======== Provided records

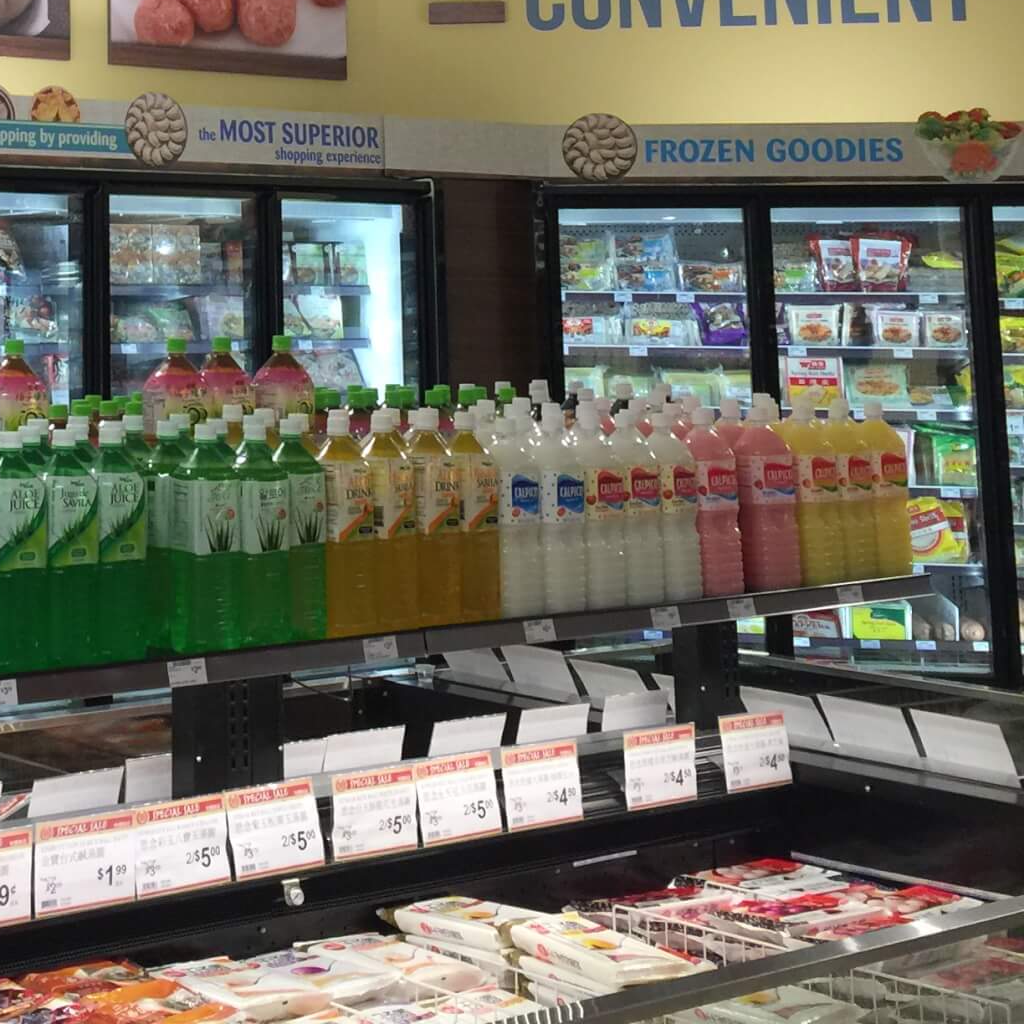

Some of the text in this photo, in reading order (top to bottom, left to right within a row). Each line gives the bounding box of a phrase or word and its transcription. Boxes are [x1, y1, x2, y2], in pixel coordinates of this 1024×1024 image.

[40, 127, 56, 147] by
[58, 130, 118, 151] providing
[198, 118, 380, 149] the MOST SUPERIOR
[274, 147, 382, 165] shopping experience
[644, 137, 904, 164] FROZEN GOODIES
[9, 498, 41, 513] JUICE
[110, 492, 139, 505] JUICE
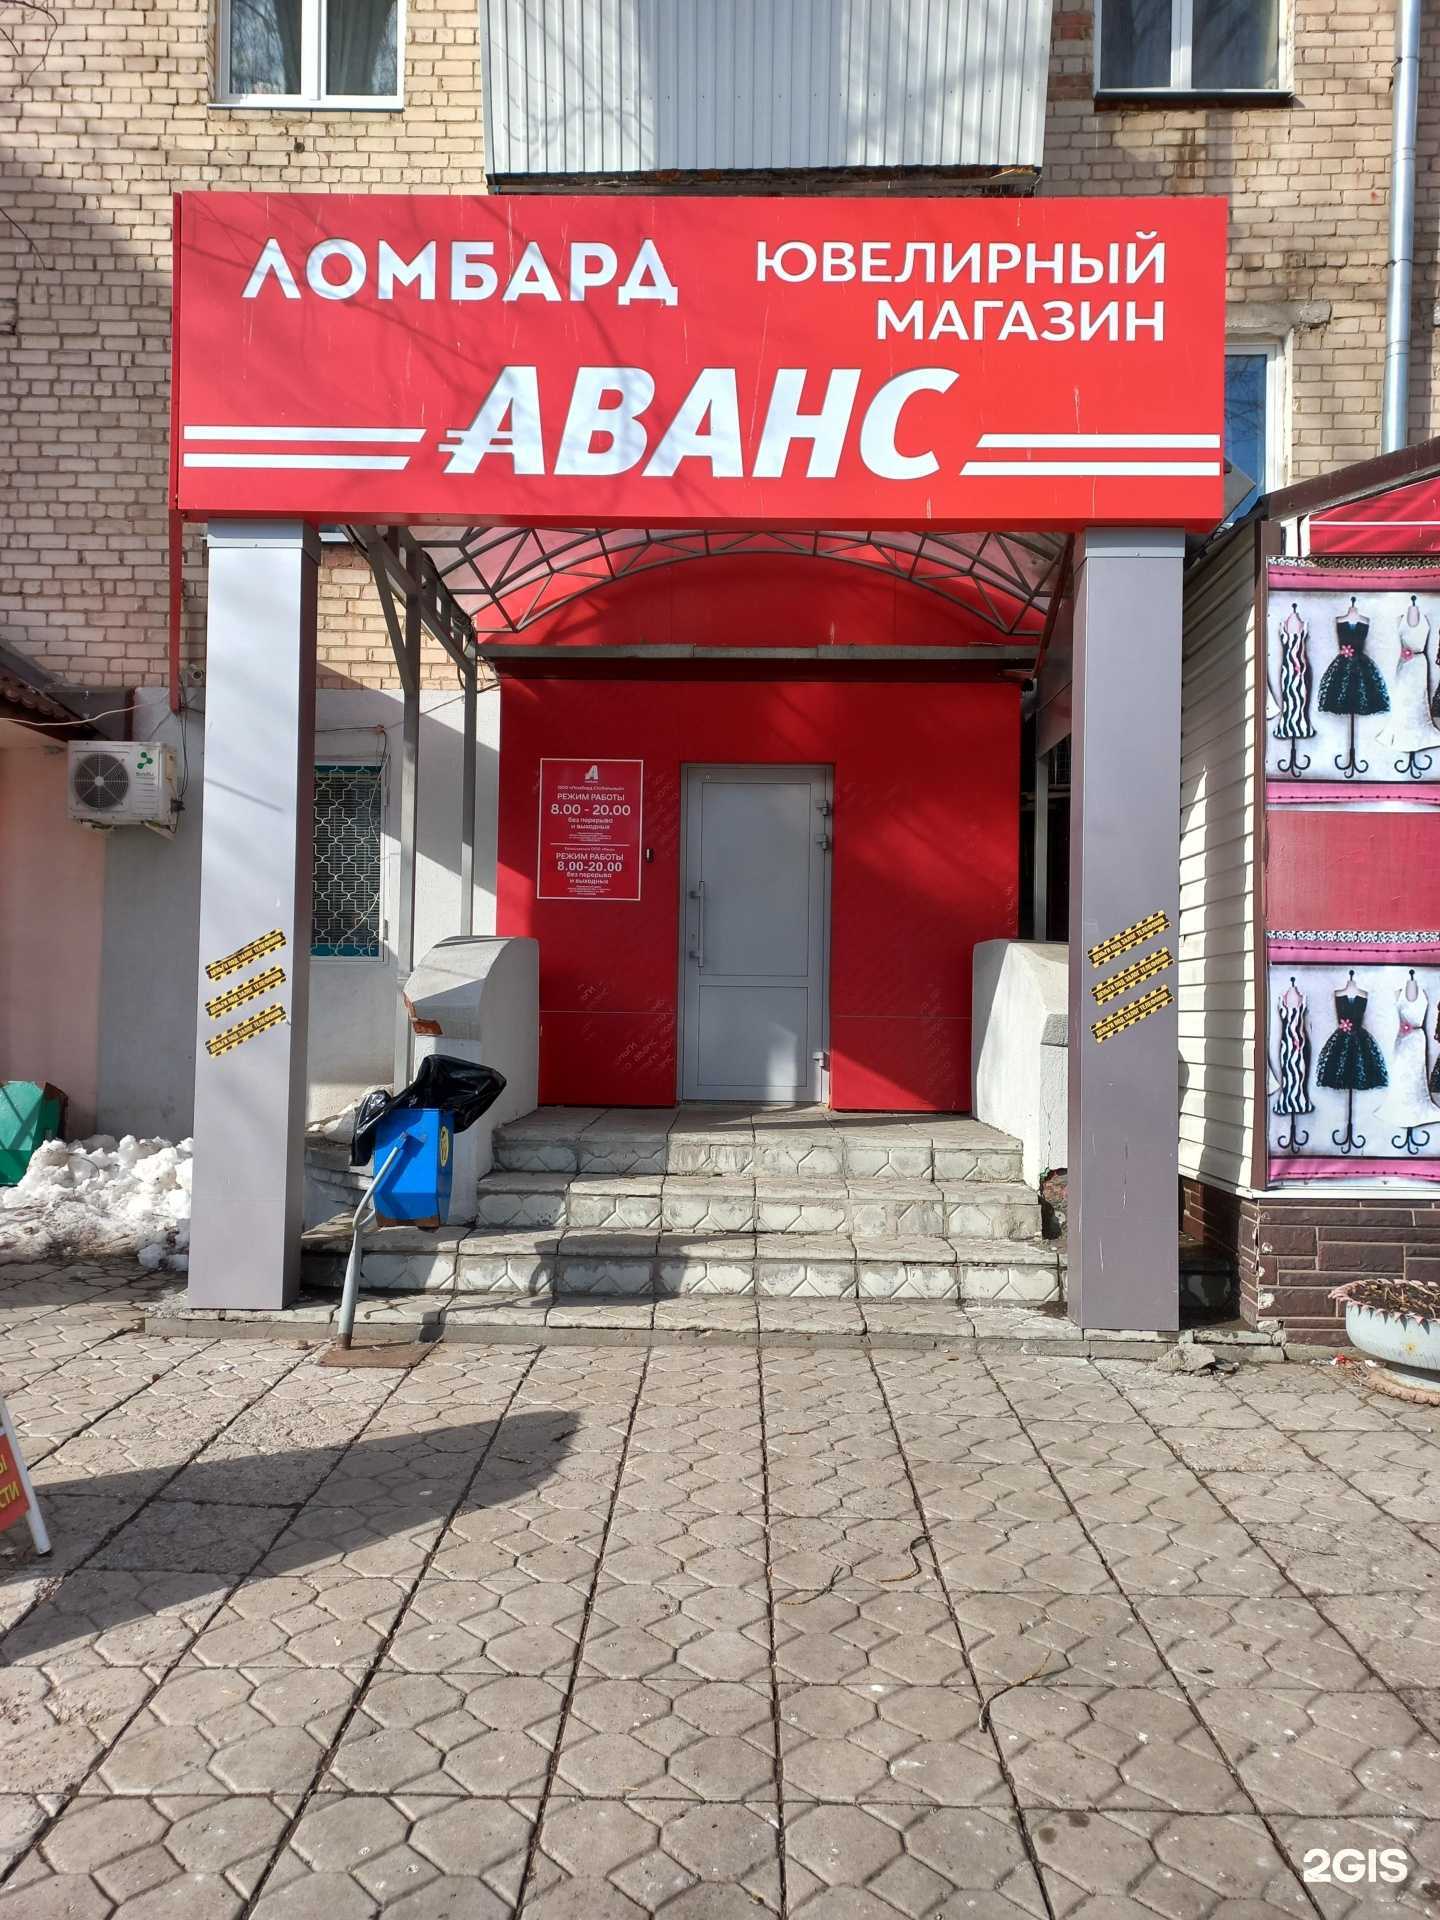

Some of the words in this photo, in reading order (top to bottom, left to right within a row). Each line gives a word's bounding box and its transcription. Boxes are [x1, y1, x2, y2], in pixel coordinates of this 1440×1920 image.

[756, 231, 1166, 284] ЮВЕЛИРНЫЙ
[242, 238, 679, 306] ЛОМБАРД
[877, 299, 1165, 342] МАГАЗИН
[438, 365, 960, 480] АВАНС
[550, 803, 581, 815] 8.00
[592, 804, 631, 816] 20.00
[557, 793, 590, 801] РЕЖИМ
[591, 793, 625, 801] РАБОТЫ
[556, 852, 588, 861] РЕЖИМ
[589, 853, 624, 861] РАБОТЫ
[557, 861, 622, 872] 8.00-20.00
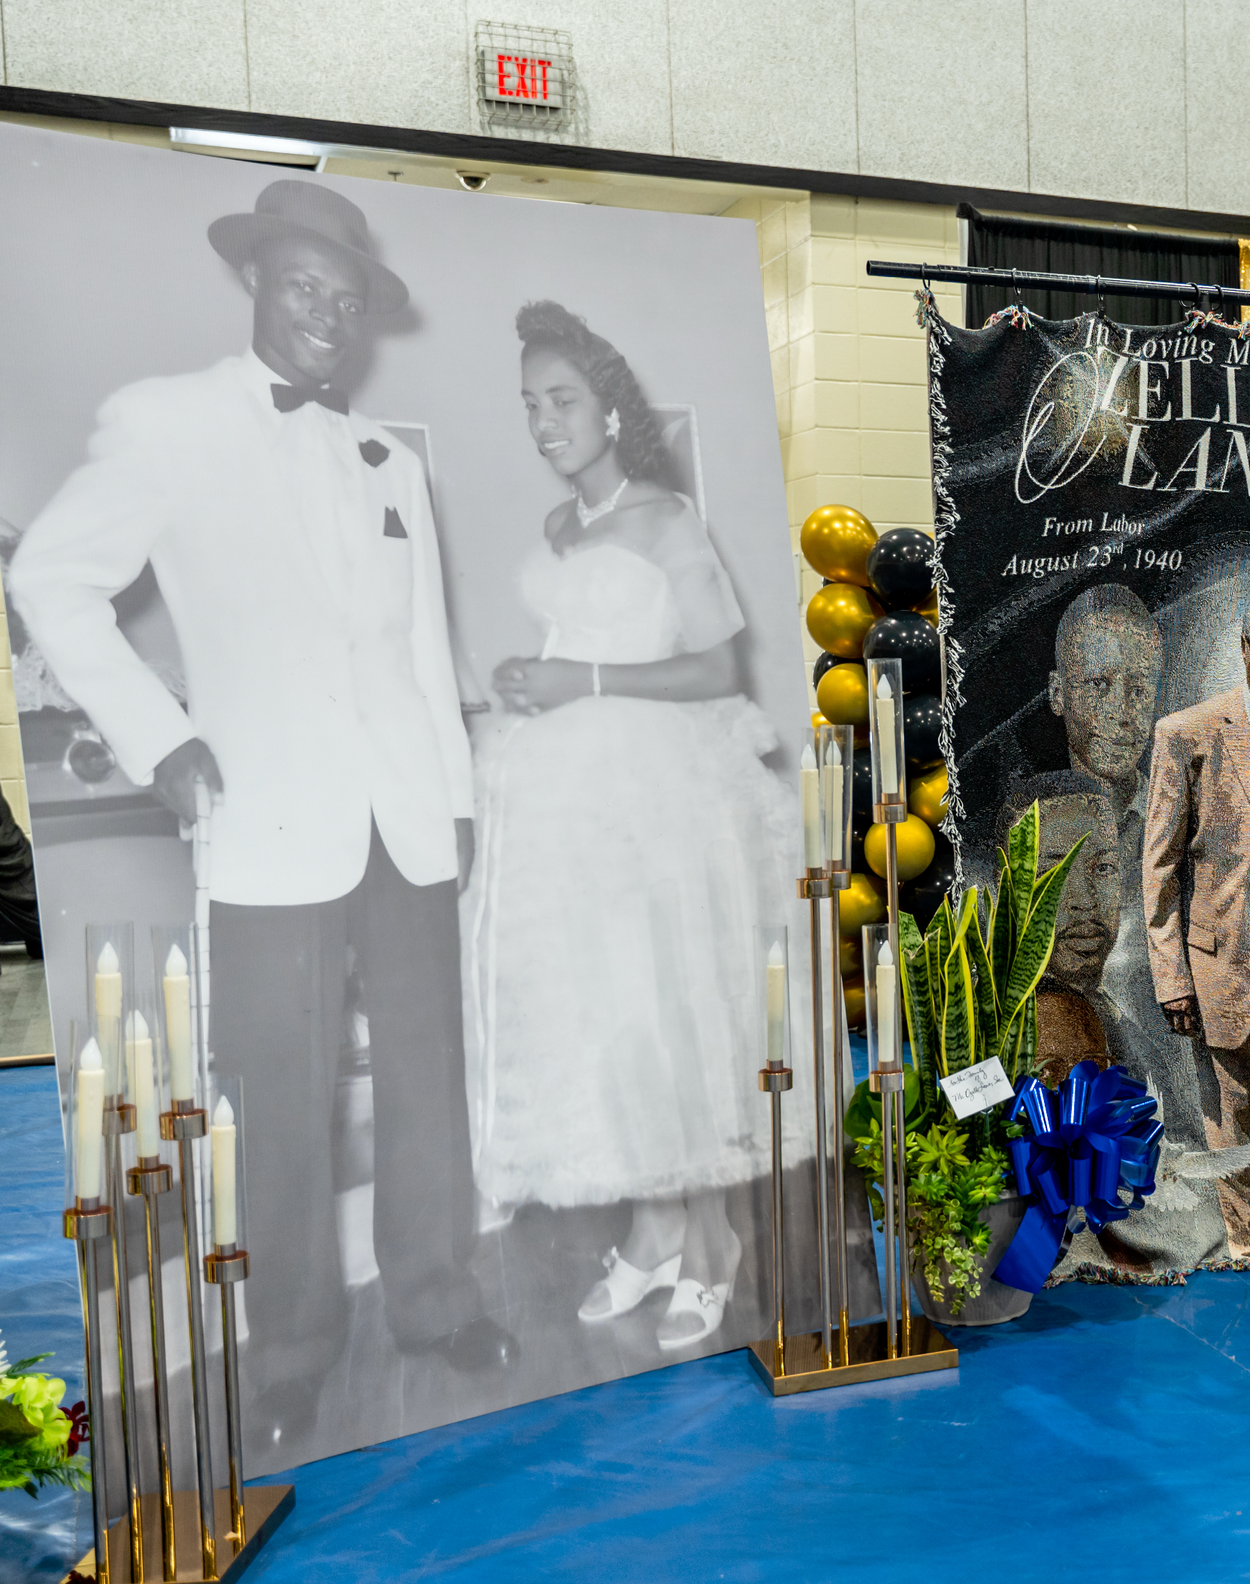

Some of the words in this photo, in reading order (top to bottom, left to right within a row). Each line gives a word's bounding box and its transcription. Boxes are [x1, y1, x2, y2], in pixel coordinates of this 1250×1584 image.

[497, 54, 552, 100] EXIT
[1085, 318, 1109, 348] In
[1122, 327, 1215, 365] Loving
[1041, 516, 1093, 537] From
[1101, 512, 1145, 535] Labor
[1001, 551, 1079, 579] August
[1134, 548, 1183, 571] 1940
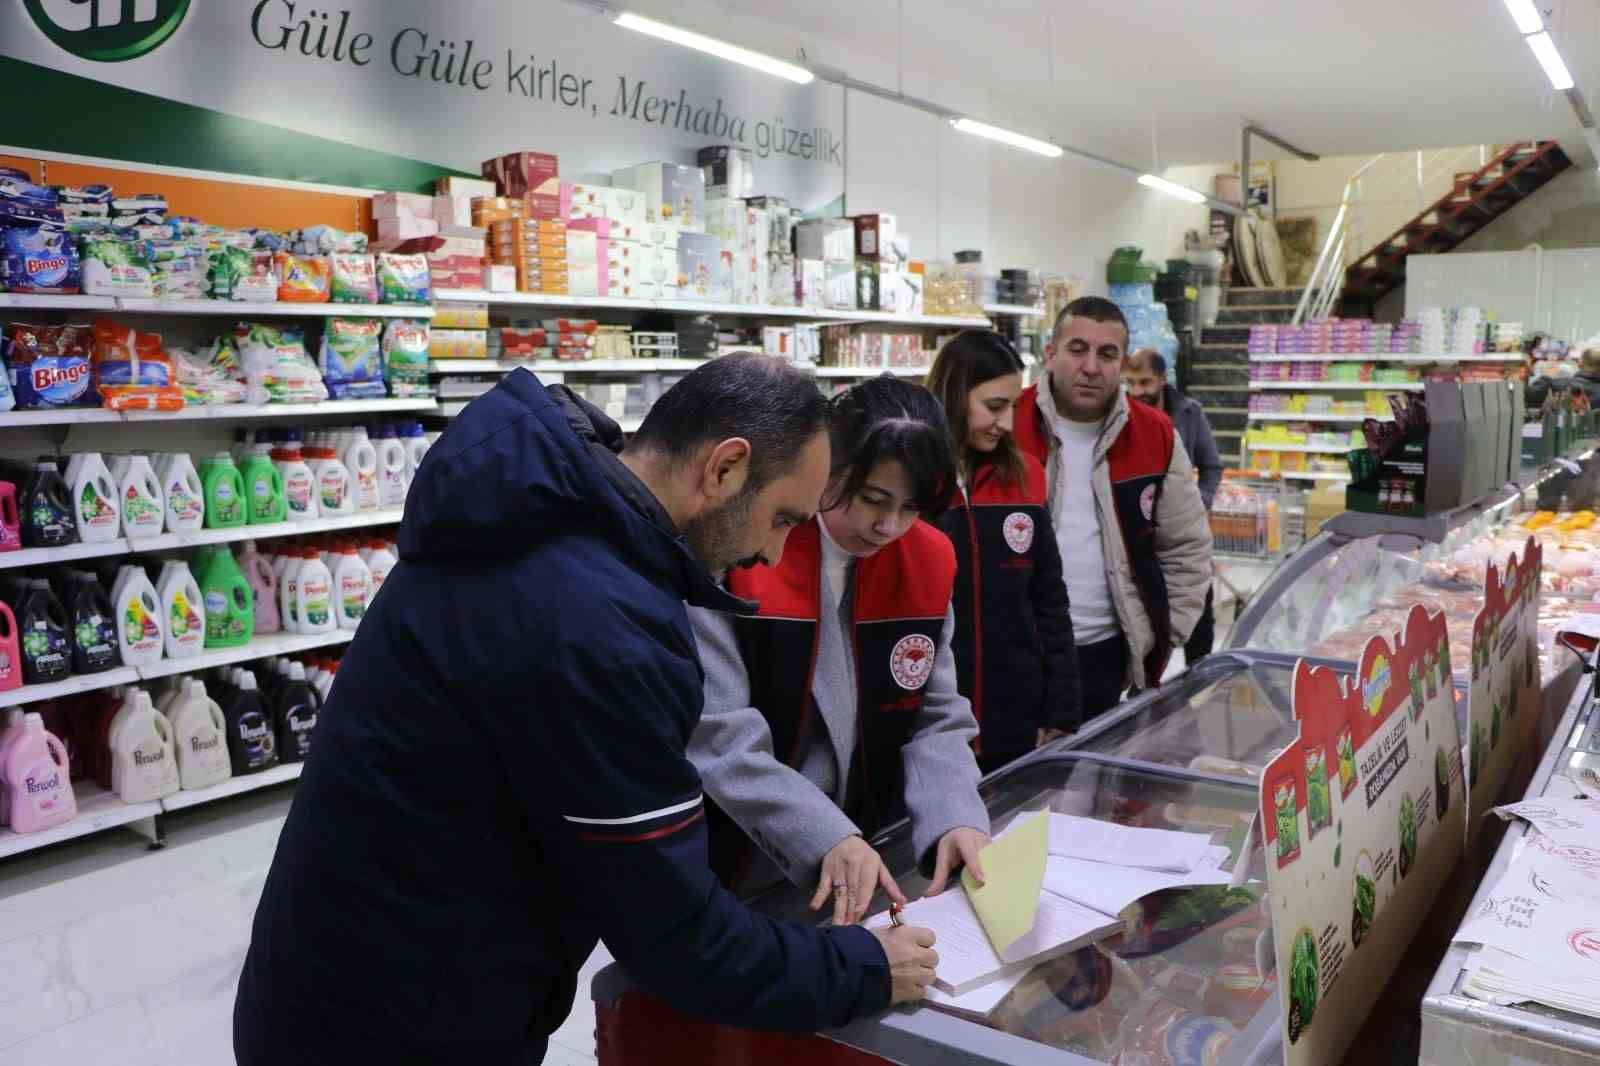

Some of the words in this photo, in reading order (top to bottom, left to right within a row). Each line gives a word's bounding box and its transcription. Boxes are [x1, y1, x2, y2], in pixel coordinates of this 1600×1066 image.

================

#### Your assignment:
Nothing but the lines from the line containing "this 1250×1584 image." through the last line of the material may be output, and they must be copied exactly, without pictures.

#### Response to the task:
Some of the words in this photo, in reading order (top to bottom, left to right within a row). Each line gives a word's bounding box and its transcription. Boxes are [x1, y1, x2, y2], in pixel coordinates of this 1250×1584 image.

[497, 54, 552, 100] EXIT
[1085, 318, 1109, 348] In
[1122, 327, 1215, 365] Loving
[1041, 516, 1093, 537] From
[1101, 512, 1145, 535] Labor
[1001, 551, 1079, 579] August
[1134, 548, 1183, 571] 1940

Some of the words in this photo, in reading order (top to bottom, left to right within a row). Each line gives a word's bounding box and its transcription. Boxes are [x1, y1, x2, y2], in pixel coordinates of this 1600×1066 image.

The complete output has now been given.